The Pentagon has announced that it has launched a manhunt for the leaker of the Afghan documents. Reuters reports:
The Pentagon said on Monday it was launching a manhunt to find whoever leaked tens of thousands of classified documents on the war in Afghanistan, one of the largest security breaches in US military history. U.S. defense officials said the person behind the release of some 91,000 classified documents appeared to have "secret" clearance and access to sensitive documents on the Afghan war.
Wikileaks burst upon the news scene earlier this year when it posted the classified video of an American Apache helicopter attack in Baghdad in which two Reuters reporters were killed. The leaker of that video, Army Specialist Bradley Manning, says he believed it was important to show the true face of war. He is currently under arrest and being held in a U.S. military prison in Kuwait. His support network's website is at www.BradleyManning.org

The Tierney report says the reason the system of protection payments to insurgents in Afghanistan exists is that there is, in essence, no other way to insure the resupply of the network of 200 military bases in Afghanistan.

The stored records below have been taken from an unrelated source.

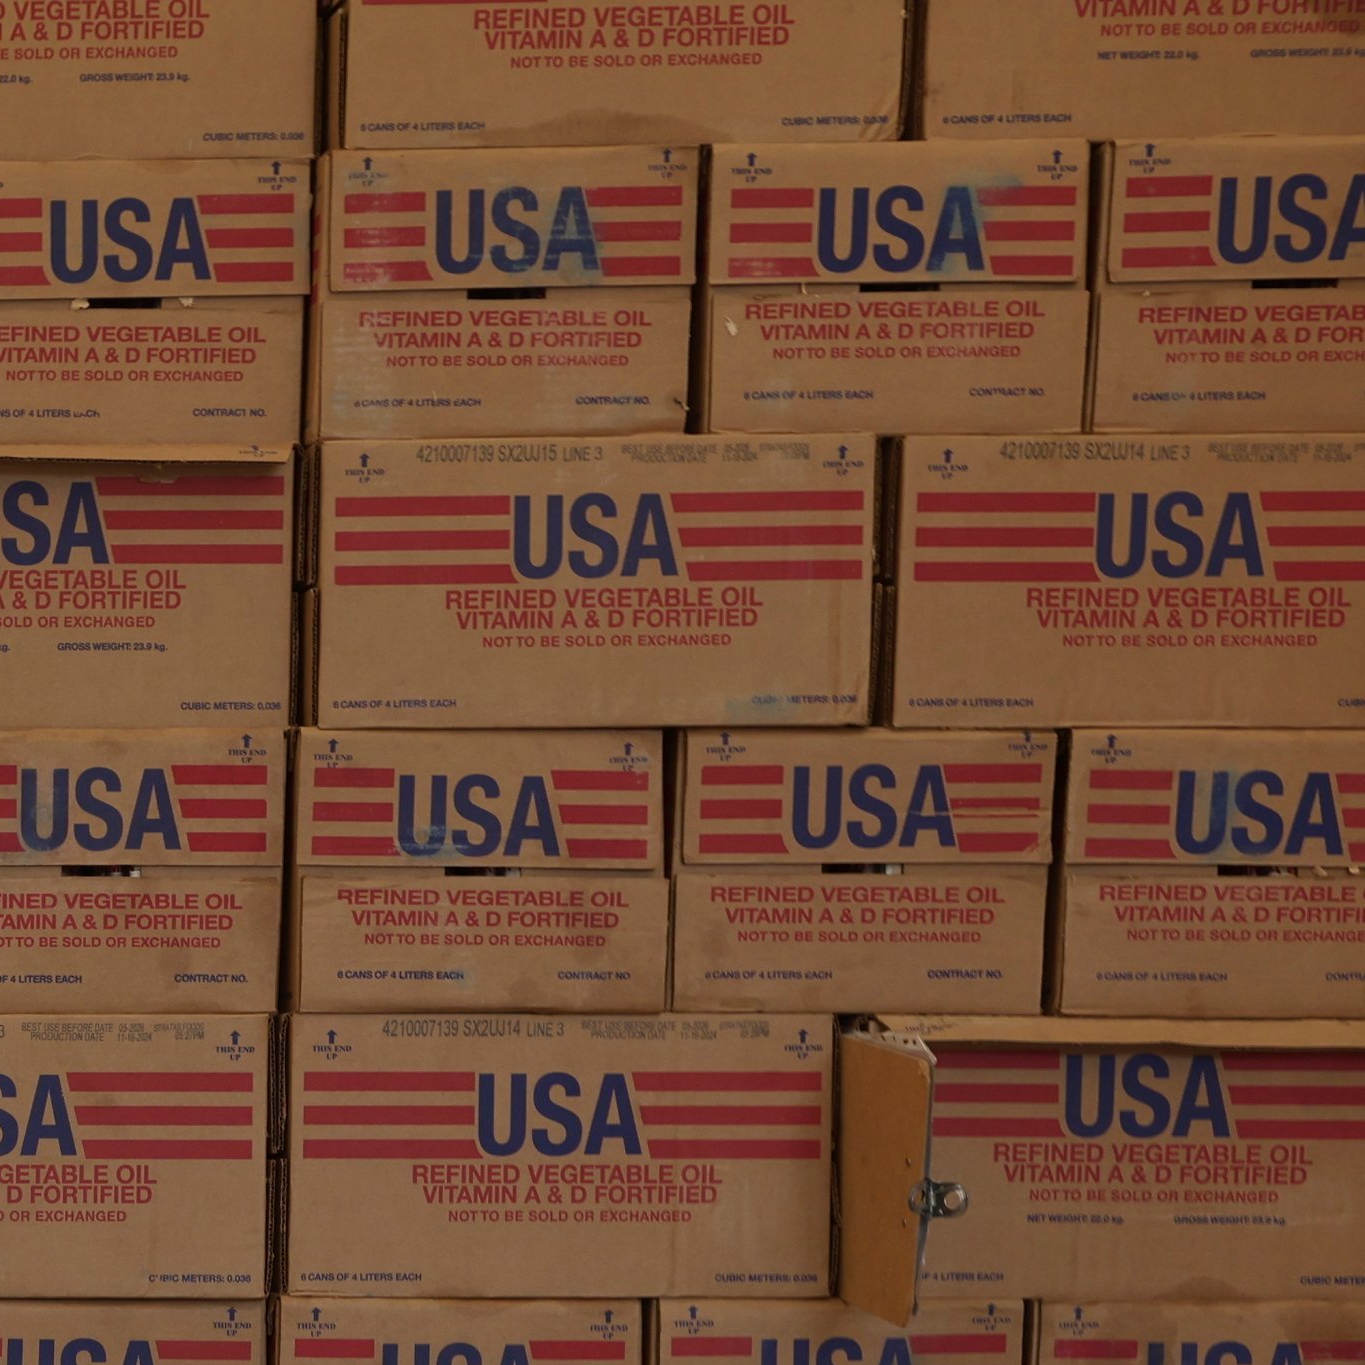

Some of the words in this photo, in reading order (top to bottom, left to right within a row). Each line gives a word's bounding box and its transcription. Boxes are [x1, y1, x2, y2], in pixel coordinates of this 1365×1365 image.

[819, 187, 984, 272] USA
[1097, 493, 1262, 577] USA
[793, 765, 955, 848] USA
[64, 894, 199, 910] VEGETABLE
[205, 894, 243, 911] OIL
[10, 975, 17, 984] 4
[18, 975, 53, 984] LITERS
[55, 975, 83, 984] EACH
[174, 974, 229, 983] CONTRACT
[231, 974, 249, 984] NO.
[1066, 1055, 1229, 1137] USA

A former Defense Department contracting officer said in the report:
"the heart of the matter is that insurgents are getting paid for safe passage because there are few other ways to bring goods to the combat outposts and forward operating bases where soldiers need them. By definition, many outposts are situated in hostile terrain, in the southern parts of Afghanistan. The [Afghan security companies run by warlords] don't really protect convoys of American military goods here, because they simply can't; they need the Taliban's cooperation."
The roll call of the House vote yesterday to approve the administration's request for $34 billion more in war funding is HERE (a "yea" is in favor of more funds for the war.) Campaign contributions to congressmen from defense corporations are HERE.

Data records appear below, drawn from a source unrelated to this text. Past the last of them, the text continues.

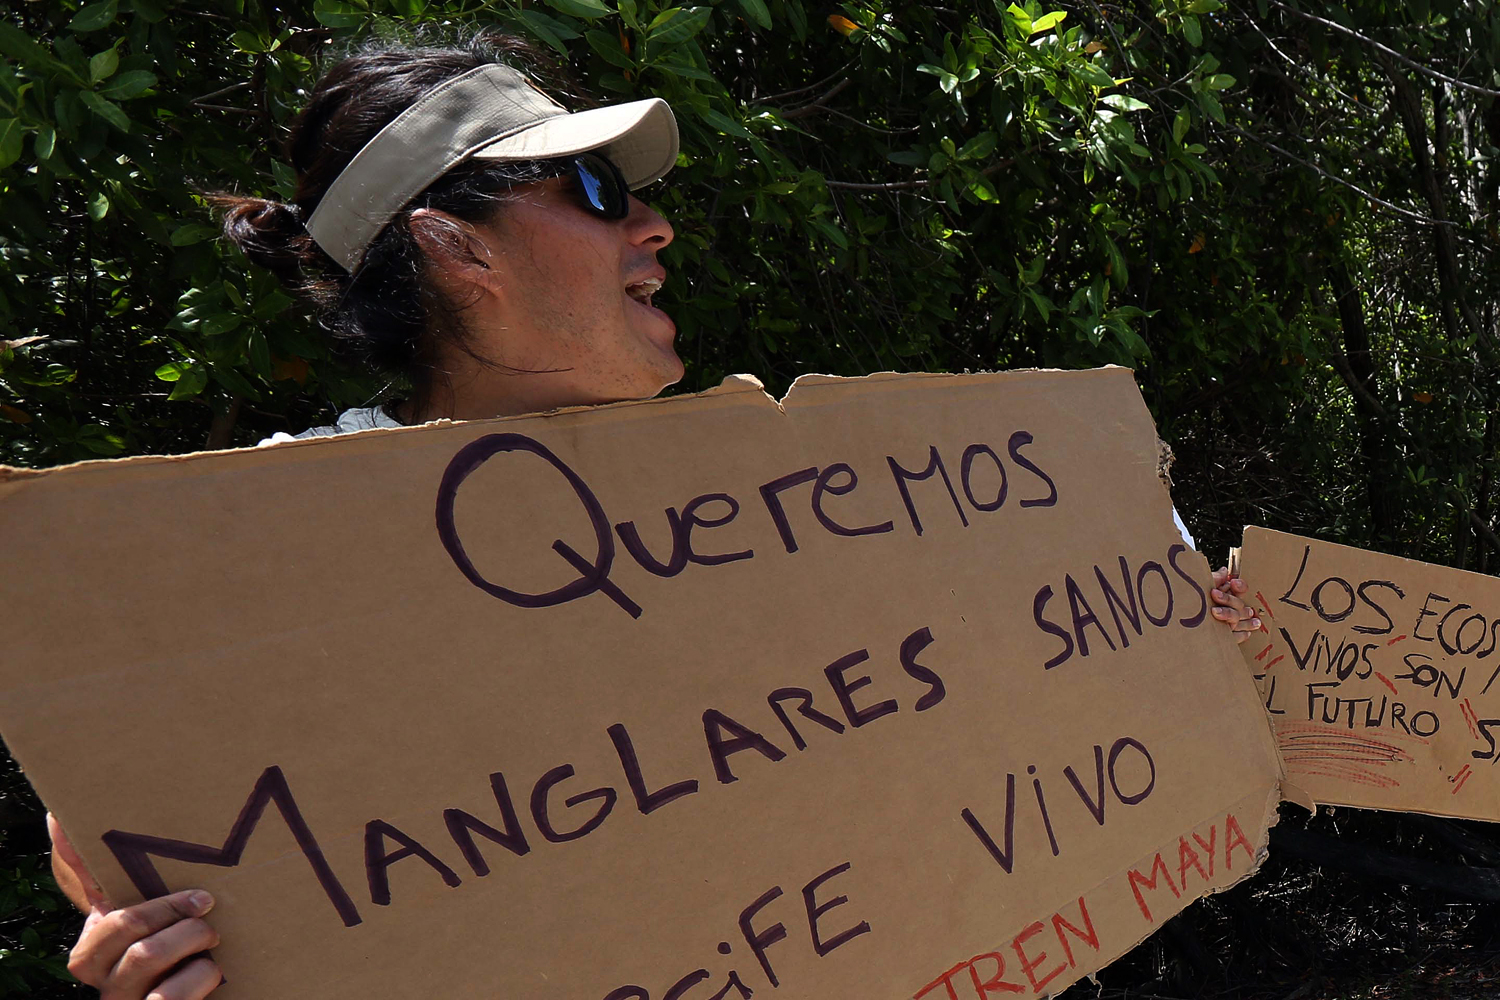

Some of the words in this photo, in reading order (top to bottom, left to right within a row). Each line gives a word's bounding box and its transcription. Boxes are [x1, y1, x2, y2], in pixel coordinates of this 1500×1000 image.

[1279, 545, 1406, 635] LOS
[1305, 682, 1440, 737] FUTURO
[1394, 653, 1467, 699] SON
[102, 626, 945, 984] MANGLARES
[1033, 544, 1206, 670] SANOS
[1126, 814, 1256, 923] MAYA

After the vote, anti-war activists who opposed further war funding, partly on the grounds that, according to the Tierney report, U.S. taxpayer money was helping to kill American troops, strategized the next steps in ending the wars, noting that a record 114 congressmen voted to cut-off funding for the war compared to the 35 who voted this way in the last round. Activists said bluntly, "The Pentagon is funding both sides of the war," and placed emphasis on "specific forms of [Afghan-led development] which empowers the Afghan people, not national elites or U.S. corporations" as a remedy for Afghan hopelessness and instability.

David Swanson of AfterDowningStreet.org wrote:

We need a new approach that not only seeks to keep anti-war representatives in power, and to replace Republicans with anti-war Democrats, and to replace pro-war Democrats in primaries with anti-war Democrats, and to replace pro-war Republicans in primaries with anti-war Republicans, but also to defeat pro-war incumbents even if their opponent is pro-war too...
Swanson said the peace movement must make clear to incumbents that if they continued to support war funding in 2010 they should not expect to keep their job in January of 2011, even if voters put up with two years of another congressman they don't like, as a broom to sweep out the incumbent.

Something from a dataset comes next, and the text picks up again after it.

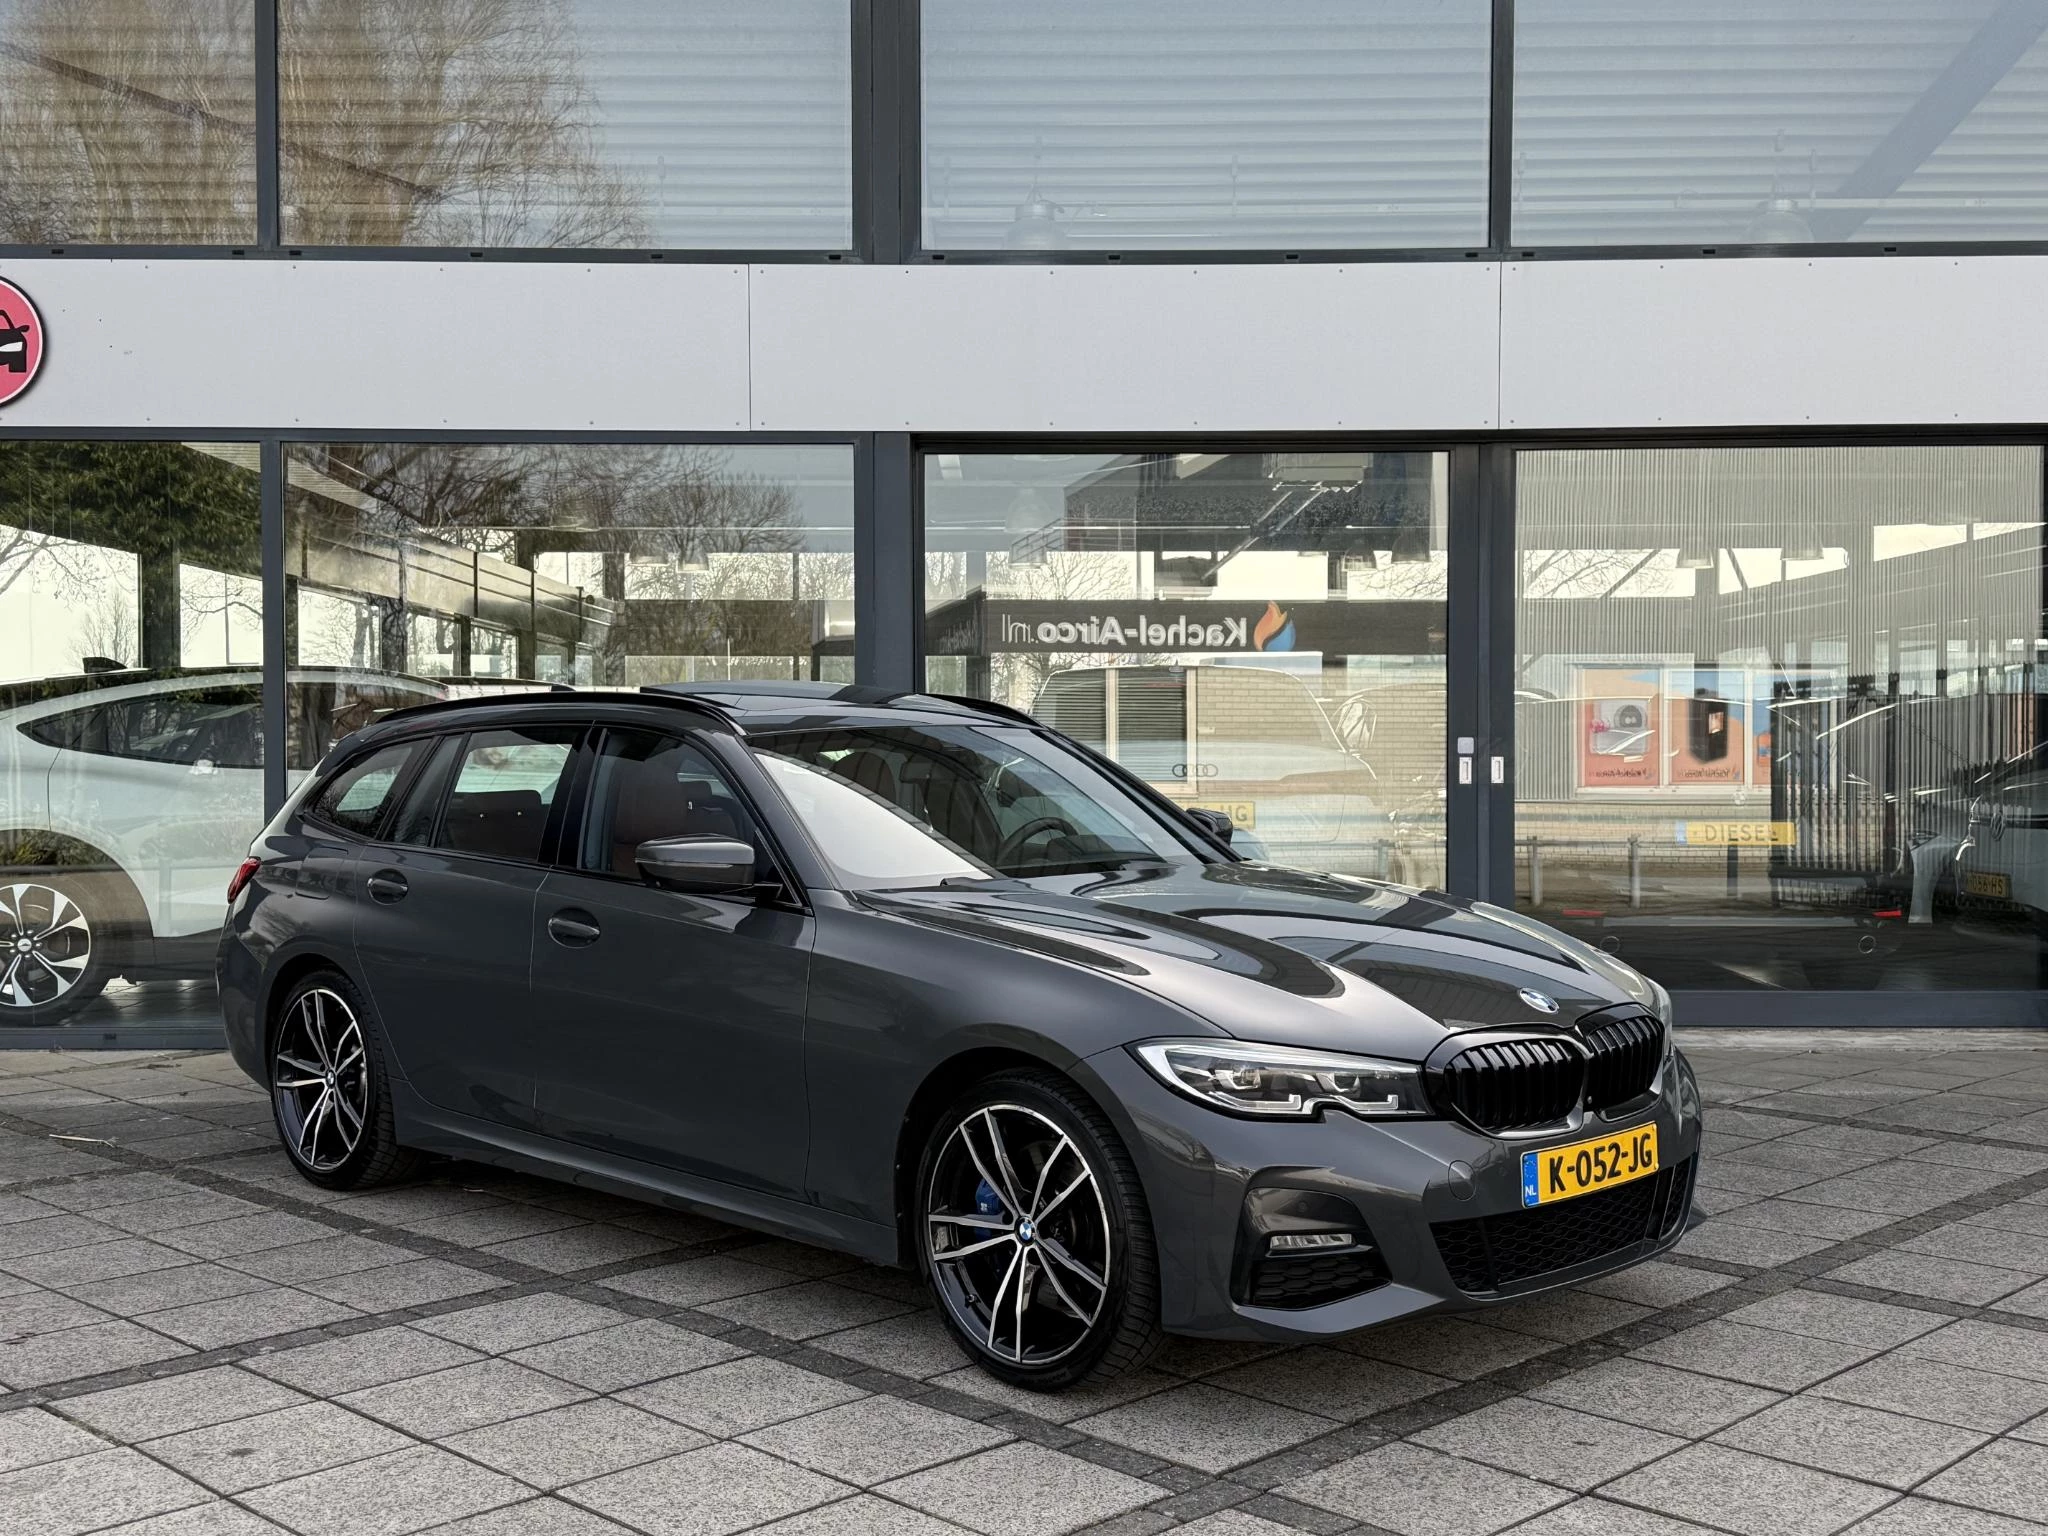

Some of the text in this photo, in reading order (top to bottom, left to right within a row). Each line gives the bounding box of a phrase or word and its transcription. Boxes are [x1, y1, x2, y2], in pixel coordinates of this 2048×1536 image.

After the posting earlier this year of the 2007 Apache Helicopter attack video by Wikileaks, the Pentagon expressed that it was interested in the whereabouts of Wikileaks editor and founder Julian Assange. Soon after that, Assange abruptly canceled a speech before the National Press Club in New York. Daniel Ellsberg, who had been in contact with Assange, told MSBC's Dylan Ratigan that he feared for Assange's safety in light of the Obama administrations newly announced policy this year of keeping an assassination list of people it considers threats to the national security, including American citizens. Ellsberg said "I think Assange would do well to keep his whereabouts unknown." Assange has since resurfaced, but the identity and whereabouts of the "Afghan Pentagon Papers" leaker remains unknown.